Por Juan Carlos Botero Zea; Columnista invitado
Cada colombiano tiene que ver el documental El testigo-Caín o Abel. Y lo tiene que ver ya, porque se trata de un testimonio elocuente y desgarrador, que revela la magnitud de la violencia nacional, y ante todo sugiere su terrible inutilidad. Y ésa es la peor tragedia de todas.
El documental muestra la trayectoria del fotógrafo de guerra Jesús “Chucho” Abad. Narrado por él mismo, como testigo del horror, la historia es contada mediante un puñado de fotografías que este maestro ha tomado de miles.
Vemos muchas a lo largo de la filmación, pero las principales son unas pocas que Abad utiliza como capítulos de una narración.
Cada imagen, además de ser hermosa y lacerante, capta la totalidad, y a la vez la complejidad, de la tragedia de Colombia.
Este señor ha tenido el valor de ir a las zonas de conflicto y examinar el horror de frente, sin apartar la vista y dispuesto a retratar la demencia de la violencia nacional, pero acompañado de una enorme dosis de poesía y sabiduría estética.
Cada fotografía es una obra de arte, que comunica el infierno que hemos vivido y la insensatez de la violencia.
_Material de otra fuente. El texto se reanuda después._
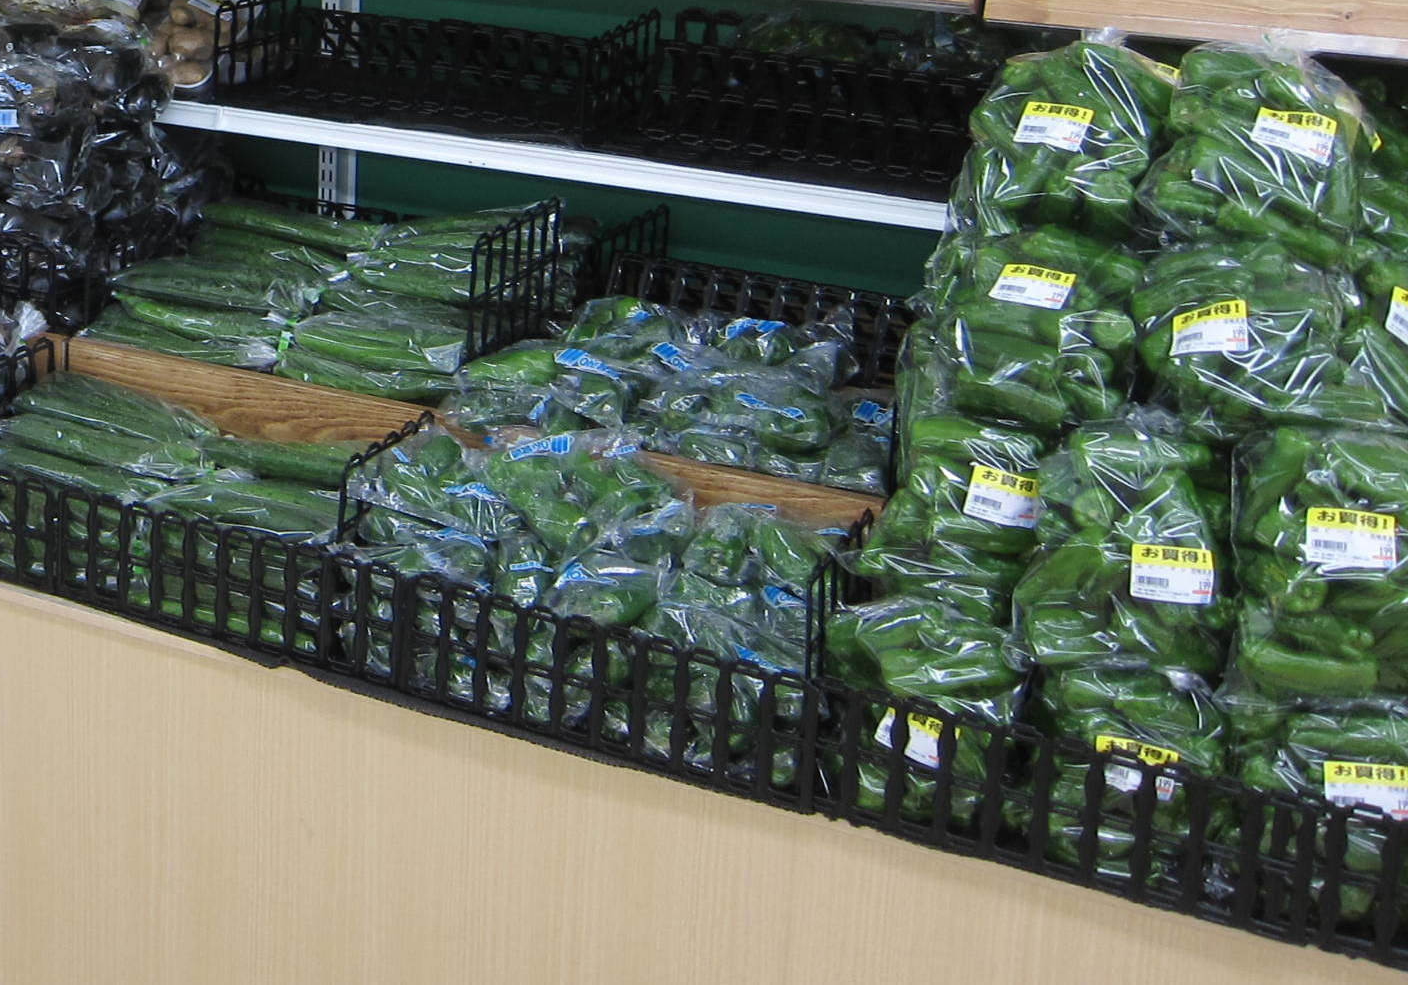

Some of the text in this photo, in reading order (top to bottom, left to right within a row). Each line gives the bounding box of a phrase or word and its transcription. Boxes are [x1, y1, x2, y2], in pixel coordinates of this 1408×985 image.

[1031, 103, 1088, 120] お買得!
[1008, 264, 1072, 285] お買得!
[1179, 303, 1243, 327] お買得!
[1314, 509, 1393, 530] お買得!
[1140, 546, 1210, 567] お買得!
Porque lo peor es comprobar la futilidad de esta tragedia tan honda y vasta, pues no se trata del sacrificio de un pueblo al luchar por la justicia o la equidad, o para derrocar a un tirano y conquistar la libertad. Es un sufrimiento colosal con miles de muertos, desplazados, heridos y mutilados, totalmente en vano.
Son 60 años de guerra civil, 220.000 muertos, 8 millones de víctimas y ríos de ataúdes. Campesinos desplazados y masacrados, gente indefensa enterrando a su familia, tantos rostros de llanto infernal. Mujeres embarazadas torturadas, niños y críos de meses brutalmente asesinados. Una foto de Abad capta un letrero que dice: “La guerra la perdemos todos”.
El documental es magistral. El testimonio de este fotógrafo valiente e íntegro, dotado de una humanidad a prueba de fuego, y sus imágenes hermosas y escalofriantes, parten el alma. Pero lo más asombroso es que Abad busca, años después, a los protagonistas de sus fotografías, como el niño que viste a los muertos, o la chica a quienes los paras asesinan a su papá en San José de Apartadó y luego se vuelve guerrillera de las Farc, y los encuentra para preguntarles por sus vidas, y qué opinaron de esas fotos que fueron portadas de revistas y primeras páginas de diarios nacionales y mundiales.
Y así va contando su historia, nuestra historia, tragedia tras tragedia, incluyendo las masacres de Granada, Antioquia, y el horror de Bojayá con sus 79 muertos, entre ellos 45 niños. Es un inmenso baño de sangre donde narcos, guerrilleros, paramilitares, soldados y policías hacen correr la sangre de gente inerme. Todas víctimas de una violencia lunática e inútil. Aun así, al concluir la filmación, queda un mensaje y una esperanza: el perdón y la reconciliación son posibles.
Lo cierto es que todo colombiano tiene que ver este documental, porque muchos todavía insisten en que volvamos a la guerra, que rechacemos un proceso de paz por sus imperfecciones, descartando todo lo que se ha logrado, para que la sangre siga corriendo. Cuesta creer que esta gran moraleja nacional, que tanto nos ha costado, sigue sin ser aprendida. Y esto nos recuerda lo que escribió T. S. Eliot: “Tuvimos la experiencia, pero se nos escapó al lección”.